━━━ SOURCE MATERIAL

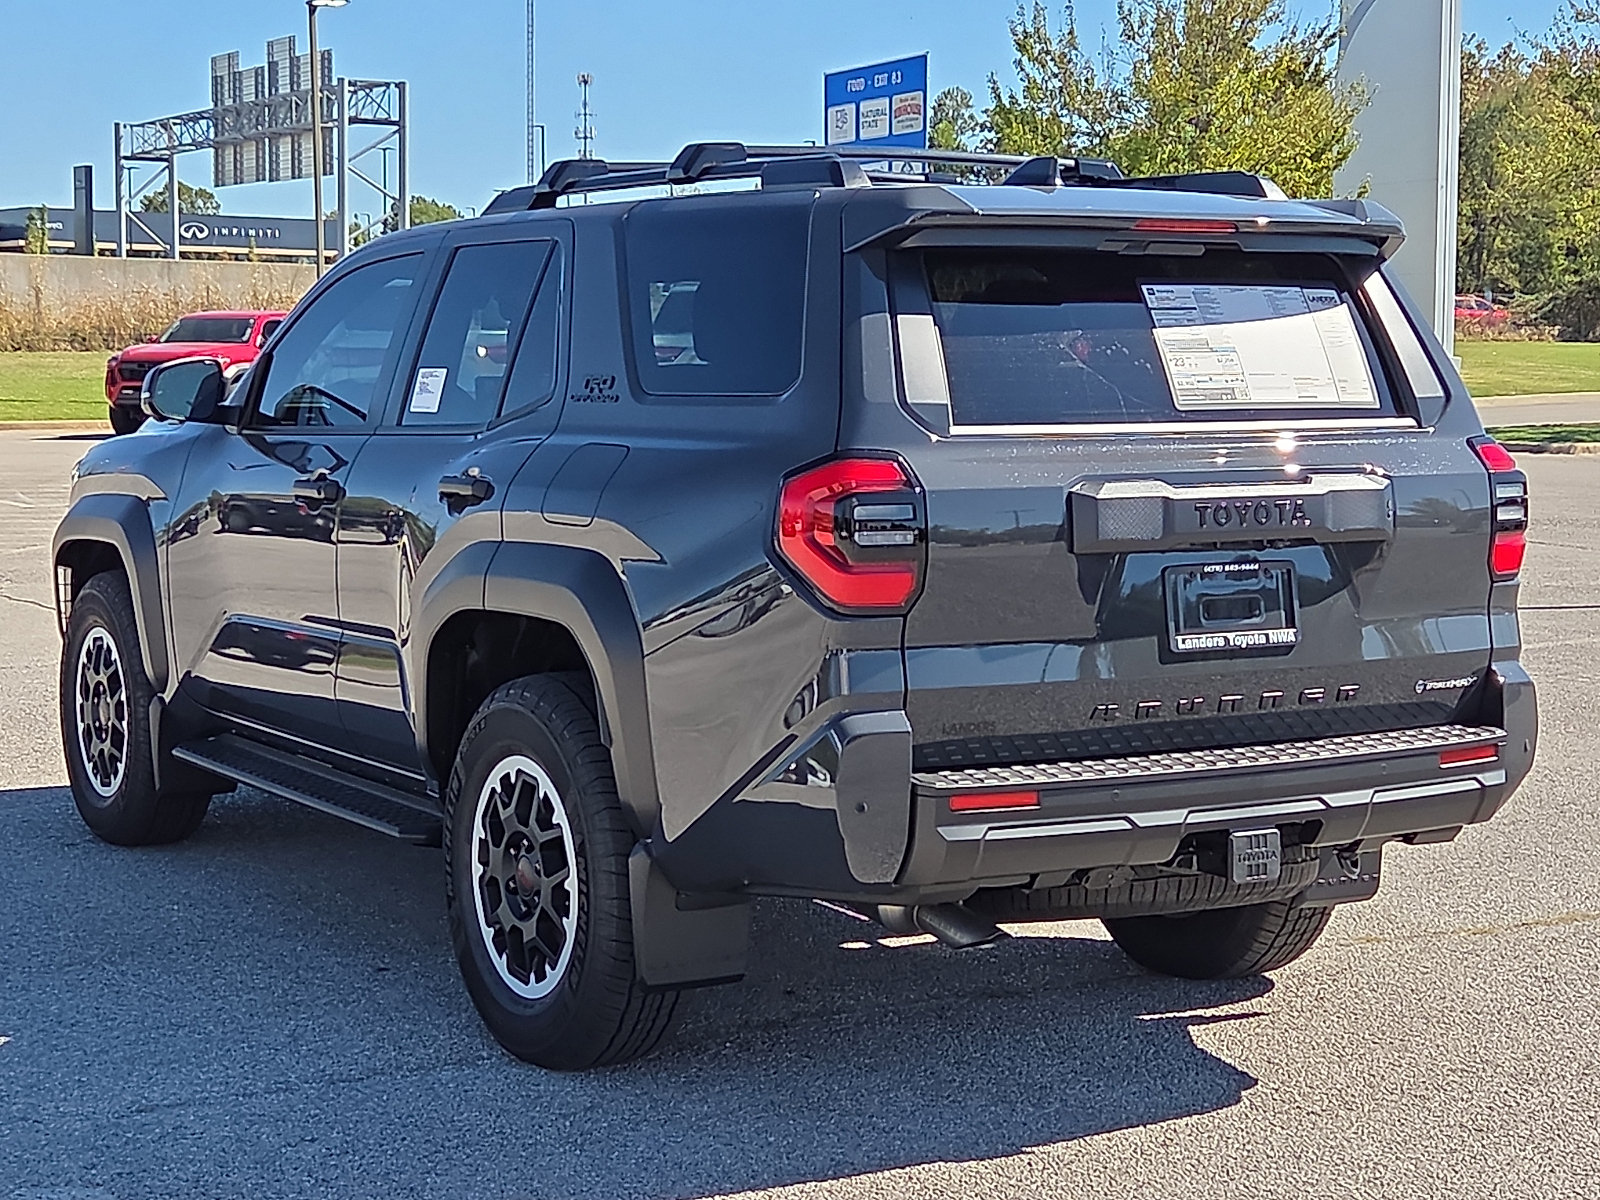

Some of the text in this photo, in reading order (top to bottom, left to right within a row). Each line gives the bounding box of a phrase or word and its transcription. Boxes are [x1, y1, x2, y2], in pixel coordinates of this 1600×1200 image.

[874, 72, 889, 88] EXIT
[861, 119, 879, 130] STATE
[213, 226, 280, 238] INFINITI
[1194, 499, 1312, 528] TOYOTA
[1177, 630, 1297, 650] Landers Toyota NWA
[1237, 849, 1278, 864] TOYOTA
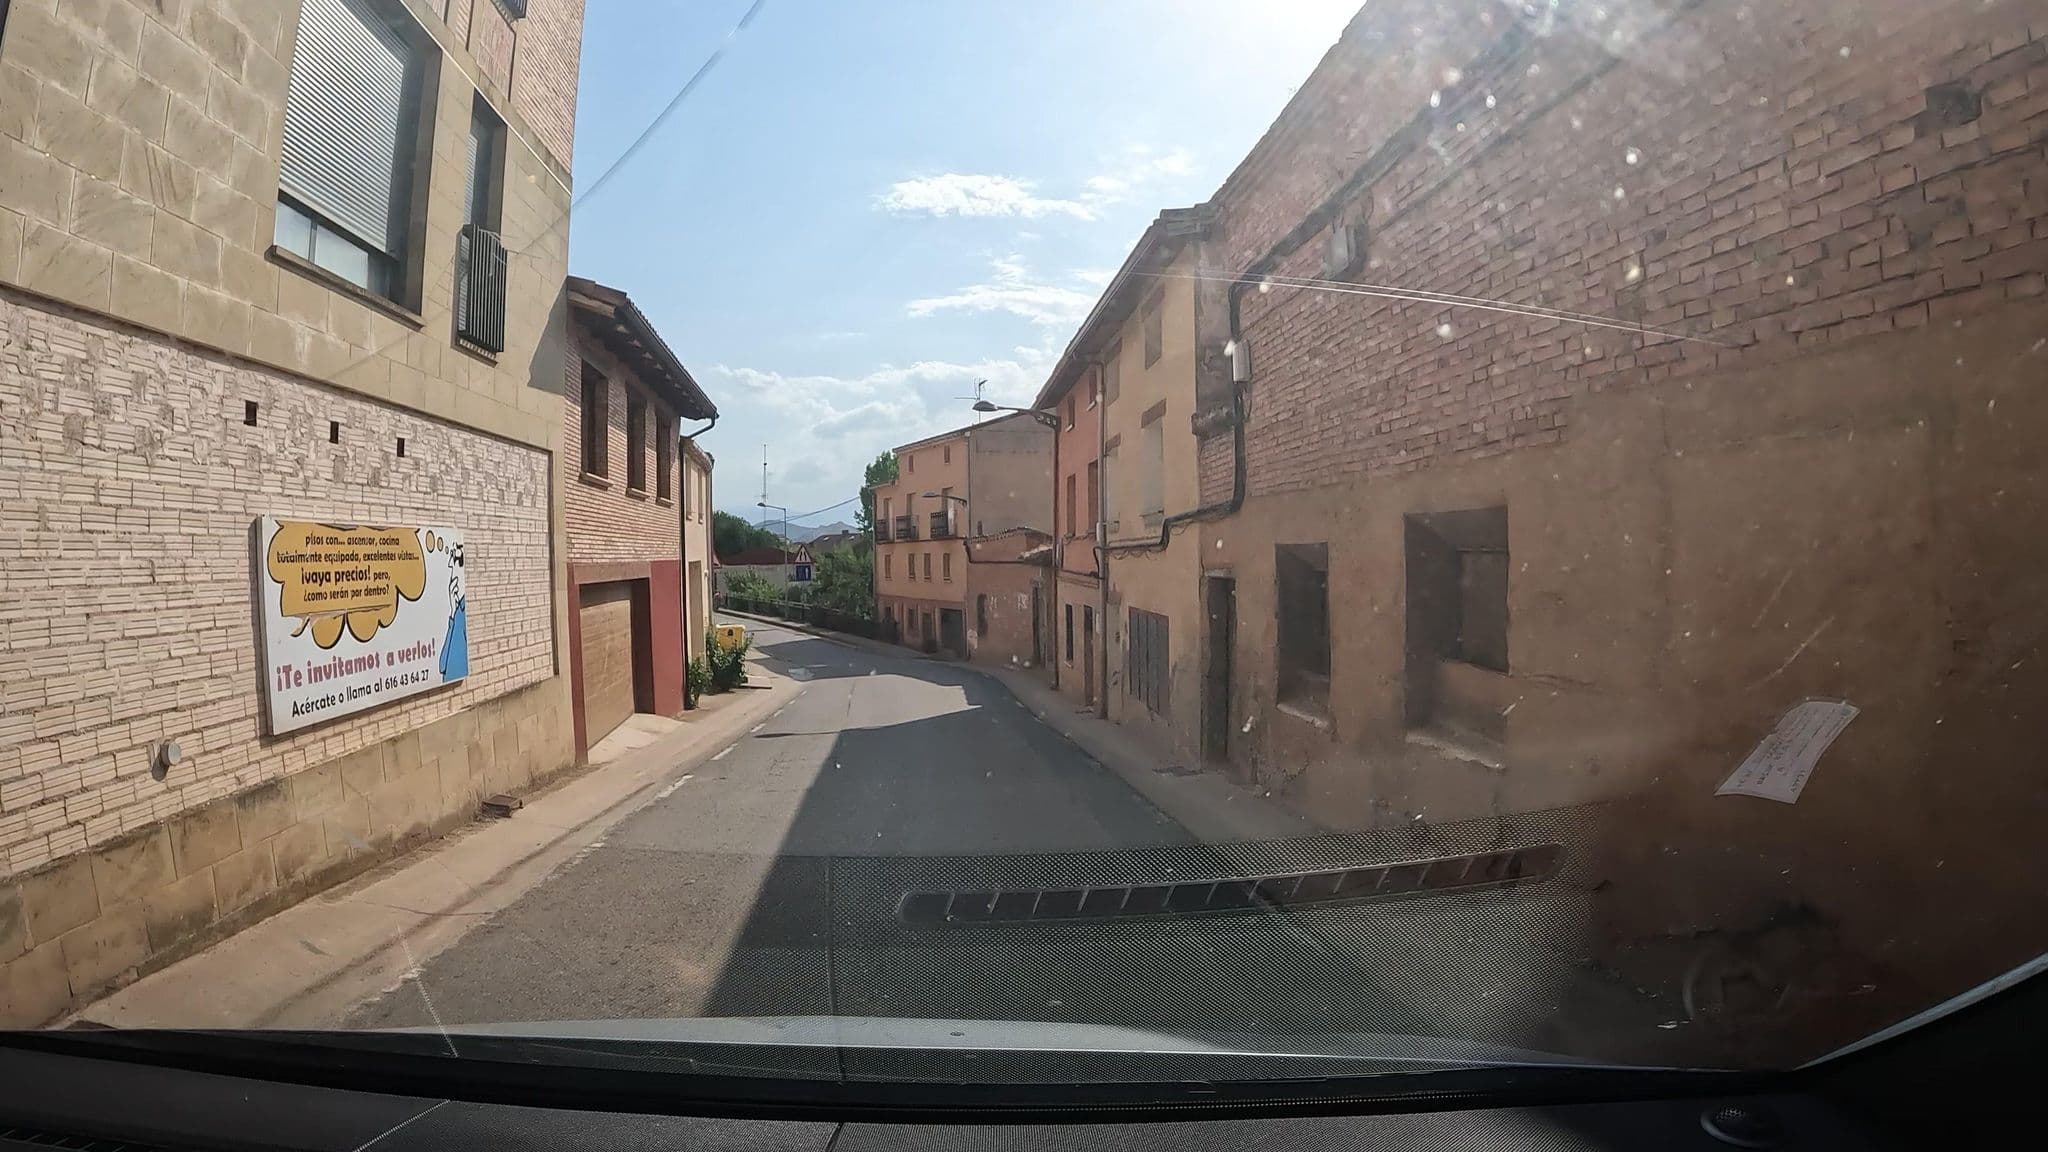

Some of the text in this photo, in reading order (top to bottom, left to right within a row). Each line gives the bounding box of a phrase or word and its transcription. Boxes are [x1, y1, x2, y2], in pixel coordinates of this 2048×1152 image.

[305, 533, 324, 547] pisos
[379, 536, 400, 545] cocina
[363, 551, 396, 561] excelentes
[334, 565, 371, 585] precios!
[373, 571, 391, 581] pero,
[330, 587, 349, 599] serán
[351, 589, 362, 600] por
[363, 584, 389, 597] dentro?
[276, 637, 435, 692] ¡Te invitamos a verlos!
[291, 669, 429, 718] Acércate o llama al 616 43 64 27

━━━━━━

■ PROBLEM ■
Taking the line that contains "this 2048×1152 image." as the first, reproduce every line through the end of the entries exactly.

■ ANSWER FOR THE TASK ■
Some of the text in this photo, in reading order (top to bottom, left to right within a row). Each line gives the bounding box of a phrase or word and its transcription. Boxes are [x1, y1, x2, y2], in pixel coordinates of this 2048×1152 image.

[305, 533, 324, 547] pisos
[379, 536, 400, 545] cocina
[363, 551, 396, 561] excelentes
[334, 565, 371, 585] precios!
[373, 571, 391, 581] pero,
[330, 587, 349, 599] serán
[351, 589, 362, 600] por
[363, 584, 389, 597] dentro?
[276, 637, 435, 692] ¡Te invitamos a verlos!
[291, 669, 429, 718] Acércate o llama al 616 43 64 27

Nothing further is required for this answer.